Great Throughts Treasury

This site is dedicated to the memory of Dr. Alan William Smolowe who gave birth to the creation of this database.

Norbert Weiner

American Mathematician, Professor of Mathematics at MIT, Researcher in Stochastic and Noise Processes

"The dominance of the machine presupposes a society in the last stages of increasing entropy, where probability is negligible and where the statistical differences among individuals are nil. Fortunately we have not yet reached such a state."

"The difficulties lie in the fact that for these people (deaf-mutes) the act of conversation has been broken into two entirely separate parts."

"The community extends only so far as there extends an effectual transmission of information."

"The deprivation of hearing is overwhelmingly the deprivation of one thing- free participation in human conversation."

"The fact that we cannot telegraph the pattern of a man from one place to another seems to be due to technical difficulties, and in particular, to the difficulty of keeping an organism in being during such a radical reconstruction."

"The fate of information in the typically American world is to become something which can be bought and sold."

"The Greeks regarded the act of discovering fire with very split emotions."

"The human interest in language seems to be an innate interest in coding and decoding, and this seems to be as nearly specifically human as any interest can be."

"The intrinsic limitations of the commodity nature of communication are hardly considered by the public at large."

"The modern physicist is a quantum theorist on Monday, Wednesday, and Friday and a student of gravitational relativity theory on Tuesday, Thursday, and Saturday. On Sunday he is neither, but is praying to his God that someone, preferably himself, will find the reconciliation between the two views."

"The matter of time is essential in all estimates of the value of information. A code or cipher, for example, which will cover any considerable amount of material at high-secrecy level is not only a lock which is hard to force, but one which takes considerable time to open legitimately."

"The mechanical brain does not secrete thought "as the liver does bile," as the earlier materialists claimed, nor does it put it out in the form of energy, as the muscle puts out its activity. Information is information, not matter or energy. No materialism which does not admit this can survive at the present day."

"The newspaper is a vehicle for advertisement and an instrument for the monetary gain of its proprietor, as are also the movies and the radio. The school and the church are not merely refuges for the scholar and the saint: they are also the home of the Great Educator and the Bishop."

"The greatest opportunity of the criminal in the modern community lies in this position as a dishonest broker in the interstices of the law."

"The odors perceived by the ant seem to lead to a highly standardized course of conduct; but the value of a simple stimulus, such as an odor, for conveying information depends not only on the information conveyed by the stimulus itself but on the whole nervous constitution of the sender and receiver of the stimulus as well.
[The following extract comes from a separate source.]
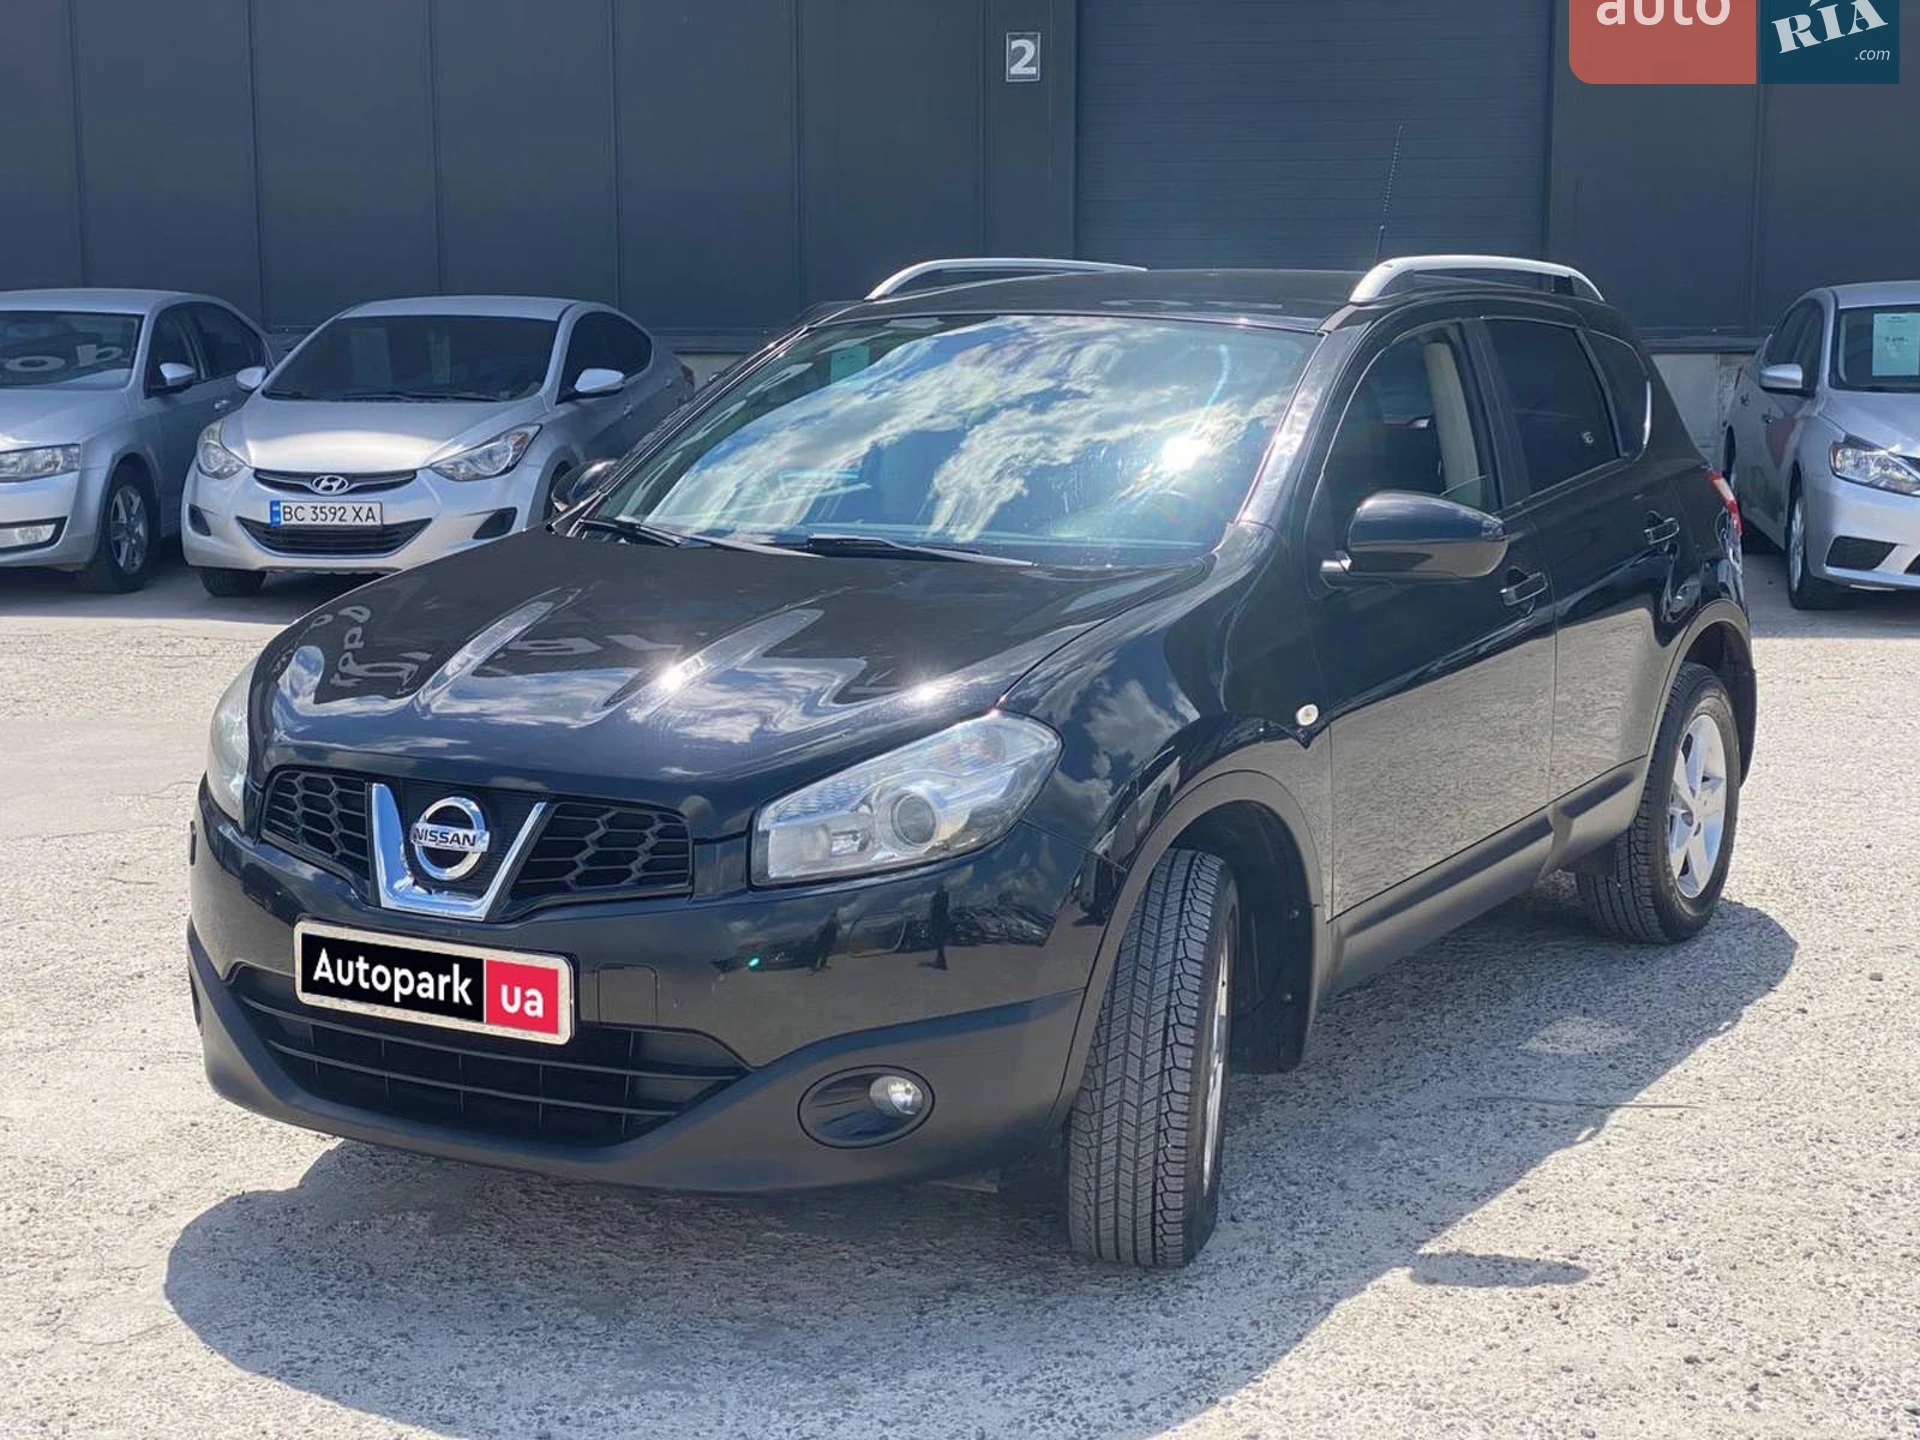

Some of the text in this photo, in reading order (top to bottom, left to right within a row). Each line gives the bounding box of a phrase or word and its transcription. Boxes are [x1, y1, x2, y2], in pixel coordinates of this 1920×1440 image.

[1010, 39, 1037, 75] 2
[282, 505, 377, 522] BC 3592 XA
[413, 827, 477, 847] NISSAN
Suppose I find myself in the woods with an intelligent savage who cannot speak my language and whose language I cannot speak. Even without any code of sign language common to the two of us, I can learn a great deal from him. All I need to do is to be alert to those moments when he shows the signs of emotion or interest. I then cast my eyes around, perhaps paying special attention to the direction of his glance, and fix in my memory what I see or hear. It will not be long before I discover the things which seem important to him, not because he has communicated them to me by language, but because I myself have observed them. In other words, a signal without an intrinsic content may acquire meaning in his mind by what he observes at the time, and may acquire meaning in my mind by what I observed at the time. The ability that he has to pick out the moments of my special, active attention is in itself a language as varied in possibilities as the range of impressions that the two of us are able to encompass. Thus social animals may have an active, intelligent, flexible means of communication long before the development of language."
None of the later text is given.